The truck bomb blast of January 24, 2014 in Cairo, though in principle aimed at Cairo's police headquarters, wrecked also the Museum of Islamic Art.  Centuries of art from all corners of the vast Islamic world were largely obliterated.  Exquisite medieval lamps, among other countless artifacts representing Islamic history from the seventh to the 19th centuries were reduced to rubble.  The Antiquities Ministry lamented the catastrophic loss while the Friends of Jerusalem, (Ansar Beit Al-Maqdis) gloated over its heinous act of  destruction.  It called it revenge for the ousting of the Islamist rule of Mohamed Morsi while the consequences of its war crime were a devastation of a critical part of Islamic ID.

To Ansar, power has priority over art and monuments.  It thus shares the Taliban ideology which led to the destruction of the Buddhist Temples of Bamian in Afghanistan.  Here Ansar also takes a bow of approval of the Muslim Brotherhood's description of the monuments of ancient Egypt as idols worthy of destruction.  The form and contents of their opposition to secular rule have the sword's other edge of cultural obliteration.  To them, Islam is a non-evolving faith which cannot co-exist except in forms of practice which they claim to be the right path to salvation -to paradise.  How misguided can one be?!

At the age of 8, my late father, Sheikh El-Sayed Muhammad El-Ayouty, a graduate of Al-Azhar and a teacher of Islamic history, took me from our village in eastern Egypt to Cairo to introduce me to the country's cultural centers.  Starting with Egypt of the pharaohs, where the pyramids and the sphinx stood guard, for millenia, he took me to "old Cairo" to visit the Coptic "Hanging Church" where he pointed out: "This is where Jesus, Mary and Joseph came from the east to take refuge from Roman persecution."  Then it was the turn of Islamic Cairo, with its great mosques and lofty minarets and its wondrous Museum of Islamic Art.

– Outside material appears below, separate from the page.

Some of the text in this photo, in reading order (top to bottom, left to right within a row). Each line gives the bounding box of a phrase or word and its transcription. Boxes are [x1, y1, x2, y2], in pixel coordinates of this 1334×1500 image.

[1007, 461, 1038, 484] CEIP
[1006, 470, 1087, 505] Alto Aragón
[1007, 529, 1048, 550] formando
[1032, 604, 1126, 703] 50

Even as a child, I felt proud to be born in such a country with deep historic and diverse roots.  This is when my turn towards universalism began.  I became a part of all humanity!!  Thanks Dad!!


Reports about the criminal devastation at the Museum of Islamic Art state that it had nearly 1471 artifacts on display in 25 galleries and 96,000 objects in storage.  Its second floor also houses Egypt's National Library.  There are several rare manuscripts and papyri that suffered damage at the hands of those cultural terrorists.

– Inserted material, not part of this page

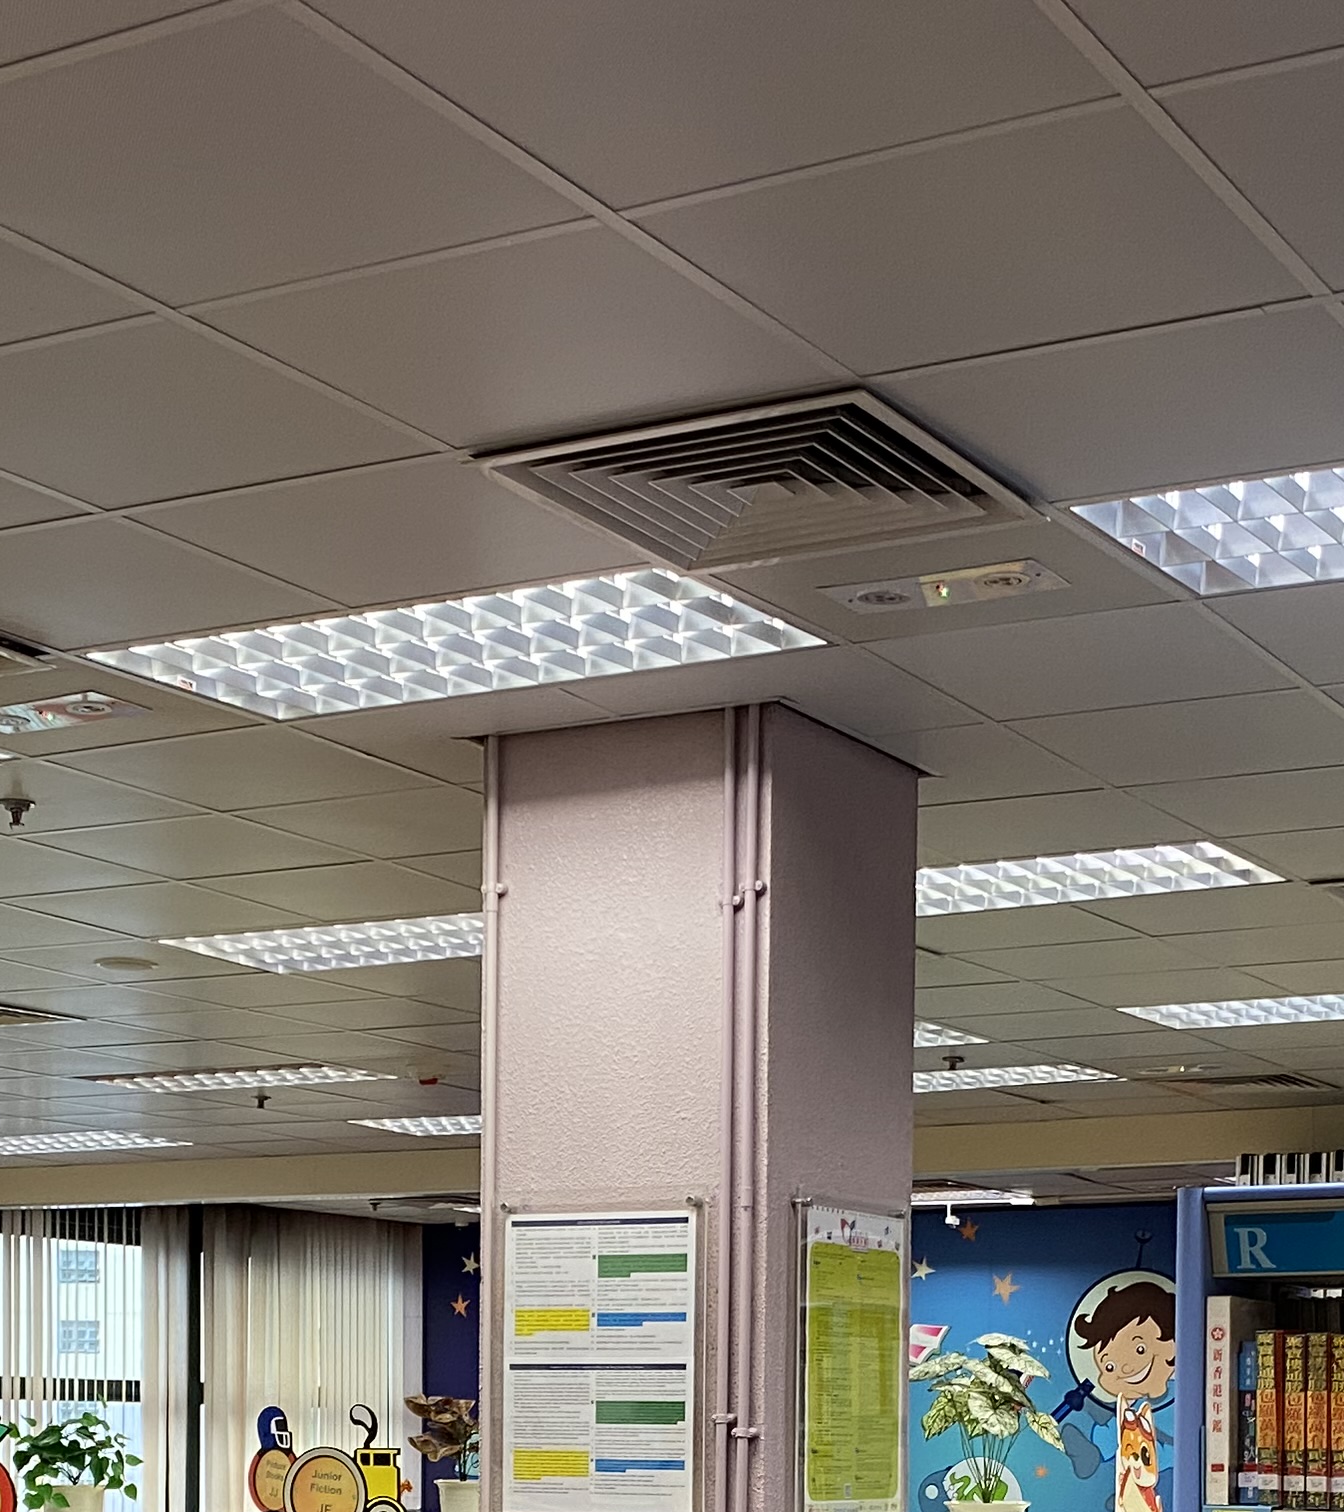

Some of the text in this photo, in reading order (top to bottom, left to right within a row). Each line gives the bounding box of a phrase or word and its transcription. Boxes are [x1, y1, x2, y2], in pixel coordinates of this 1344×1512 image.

[1234, 1227, 1277, 1269] R
[311, 1469, 342, 1482] Junior
[310, 1483, 342, 1496] Fiction

The country's ID destruction had also been visited upon at the Mallawi museum in El-Minya Province which lies about 200 miles south of Cairo.  Mob attacks last August, one month after the ousting of Morsi, resulted in the theft of 1050 of the 1089 artifacts.  These included pharaonic statues, jewelry and Greco-Roman coins.

Coptic places of worship have also come under wanton attacks in convulsive sectarian violence of Brotherhood vs. Copts.  These churches are the repositories of what Orthodox Christianity had, since 200 years after Christ, bequeathed to Egypt and the world in terms of icons, bibles, manuscripts and all artistic representations of the Coptic cross.

In addition to funds flowing to the Egyptian Ministry of Antiquities from UNESCO, the U.S. and other international donors, secular Egypt is also responding.  Included in the counter-attack against that cultural barbarism are the creation of an Egyptian non-profit by the name of the Egyptian Heritage Rescue, founded by Abdel-Hamid El-Sharif, and a magazine devoted to Egypt's heritage and history by the name of Al-Rawi, whose publisher is Yasmine El-Dorghamy, a woman at the front line of heritage defense.

In the aftermath of those attacks, a banker in Cairo summed up the feelings in Egypt against the Brotherhood.  "Who else but the Muslim Brotherhood has an interest in this kind of attack?," he asked.  And on behalf of the government, the Interior Minister, Mohamad Ibrahim, declared: "These attacks would not deter the Egyptians in their fight against black terrorism."  That is the same cabinet member whom the terrorists tried to kill last August.

Such determination to confront terrorism also has Egypt's economic interest in view.  The country depends upon 20% of its foreign earnings from tourism.  And whenever terrorism enters, tourism exists!!